[Start of section]

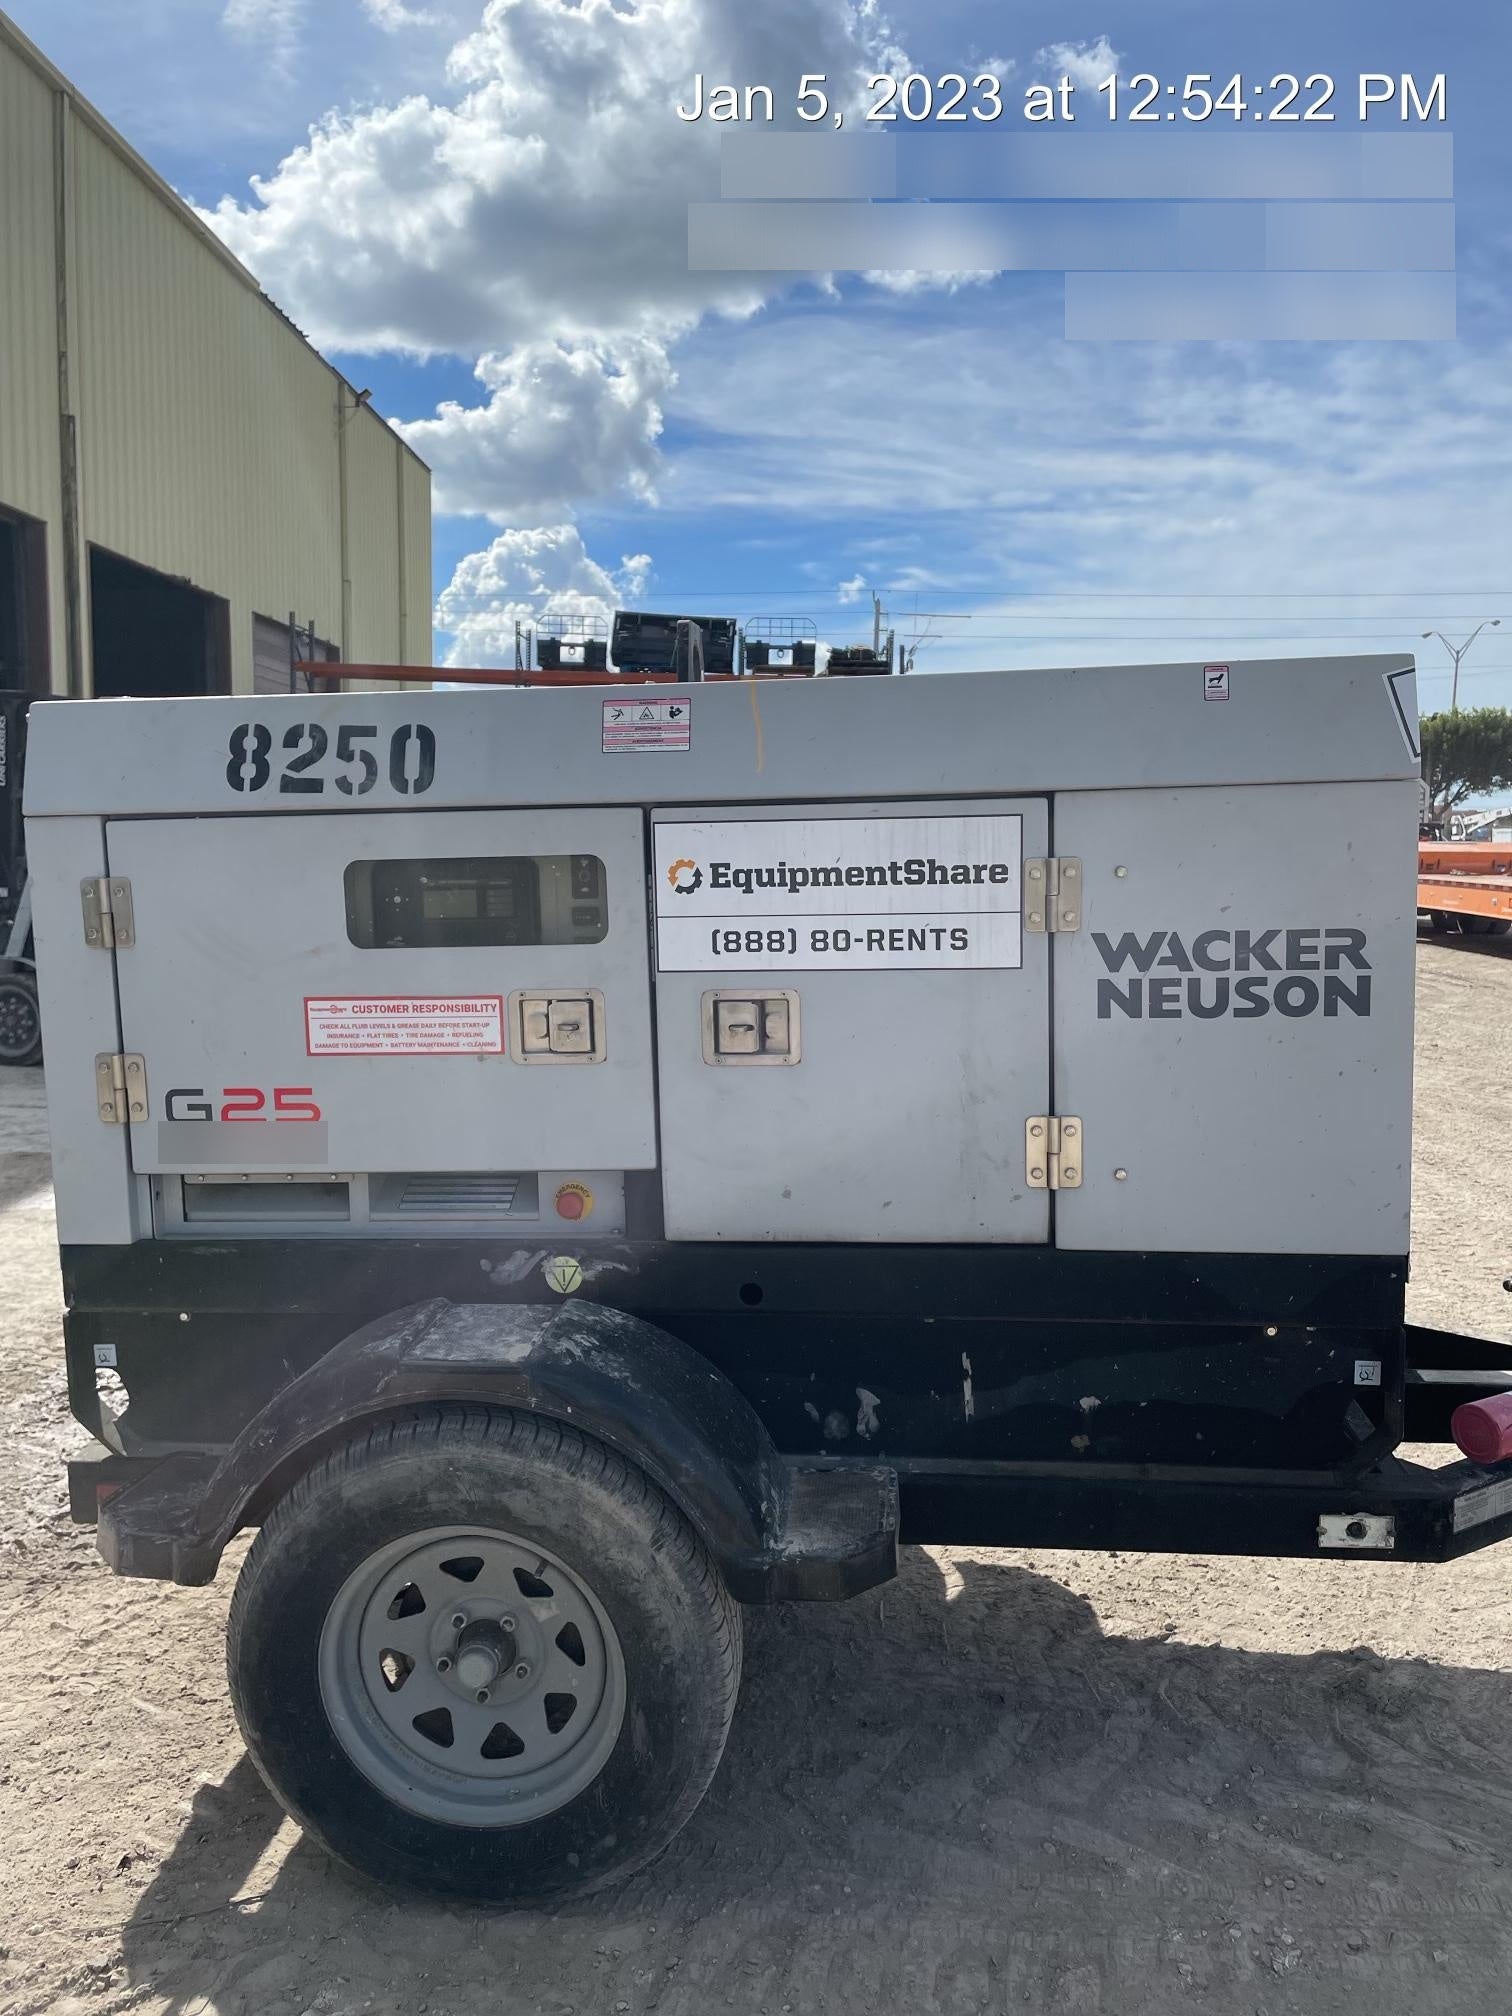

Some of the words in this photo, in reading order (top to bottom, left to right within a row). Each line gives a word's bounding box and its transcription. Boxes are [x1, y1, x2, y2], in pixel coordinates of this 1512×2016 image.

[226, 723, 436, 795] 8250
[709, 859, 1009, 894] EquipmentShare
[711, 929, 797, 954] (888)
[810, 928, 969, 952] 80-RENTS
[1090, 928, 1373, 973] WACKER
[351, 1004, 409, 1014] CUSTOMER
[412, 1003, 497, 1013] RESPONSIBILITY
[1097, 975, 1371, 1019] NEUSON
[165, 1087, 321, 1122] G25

[End of section]

Task statement → Copy the data in full. No pictures belong in the copy.

Response →
Some of the words in this photo, in reading order (top to bottom, left to right within a row). Each line gives a word's bounding box and its transcription. Boxes are [x1, y1, x2, y2], in pixel coordinates of this 1512×2016 image.

[226, 723, 436, 795] 8250
[709, 859, 1009, 894] EquipmentShare
[711, 929, 797, 954] (888)
[810, 928, 969, 952] 80-RENTS
[1090, 928, 1373, 973] WACKER
[351, 1004, 409, 1014] CUSTOMER
[412, 1003, 497, 1013] RESPONSIBILITY
[1097, 975, 1371, 1019] NEUSON
[165, 1087, 321, 1122] G25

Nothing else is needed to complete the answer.